Referring expression grounding data
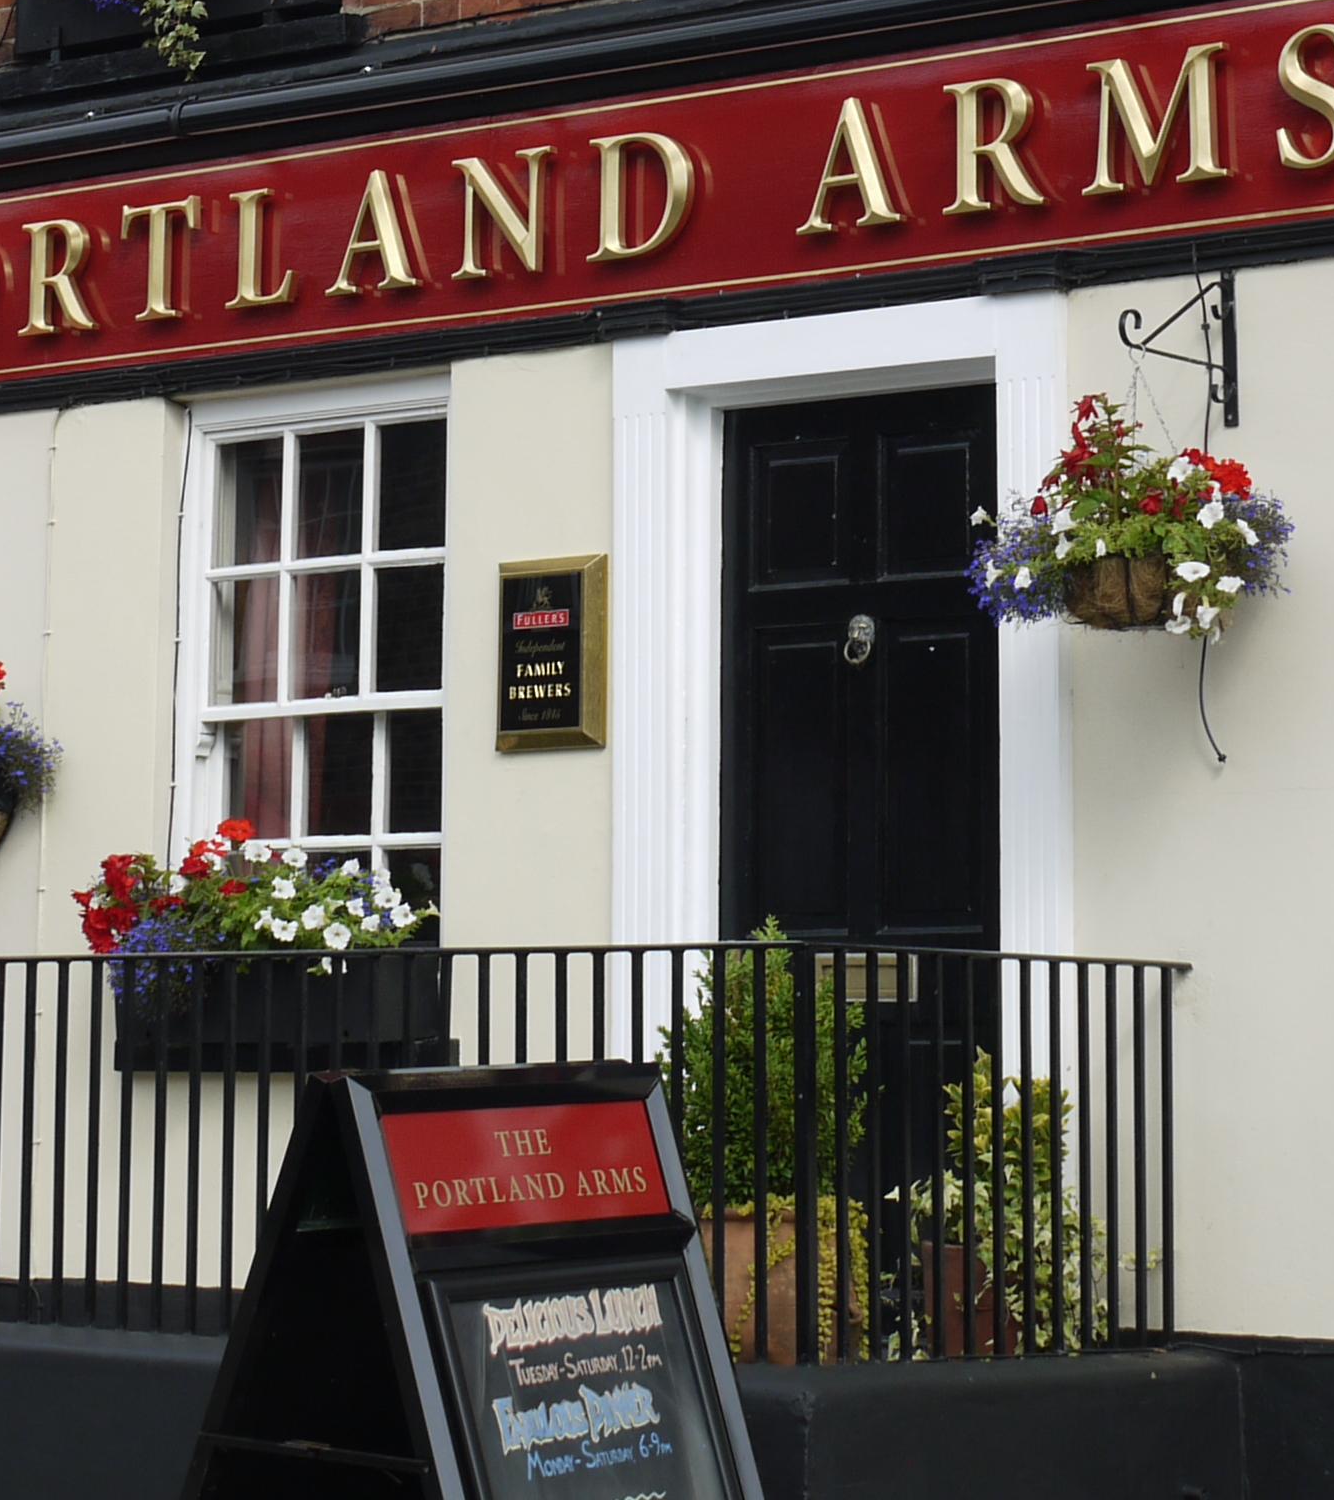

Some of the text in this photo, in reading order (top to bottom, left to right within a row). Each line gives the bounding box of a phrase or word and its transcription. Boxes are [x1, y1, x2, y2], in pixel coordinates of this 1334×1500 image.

[516, 661, 565, 678] FAMILY
[509, 683, 571, 700] BREWERS
[494, 1128, 552, 1157] THE
[413, 1166, 648, 1209] PORTLAND ARMS

**EXERCISE AIM**
Copy out every entry above, character for character, excluding pictures.

**ANSWER**
Some of the text in this photo, in reading order (top to bottom, left to right within a row). Each line gives the bounding box of a phrase or word and its transcription. Boxes are [x1, y1, x2, y2], in pixel coordinates of this 1334×1500 image.

[516, 661, 565, 678] FAMILY
[509, 683, 571, 700] BREWERS
[494, 1128, 552, 1157] THE
[413, 1166, 648, 1209] PORTLAND ARMS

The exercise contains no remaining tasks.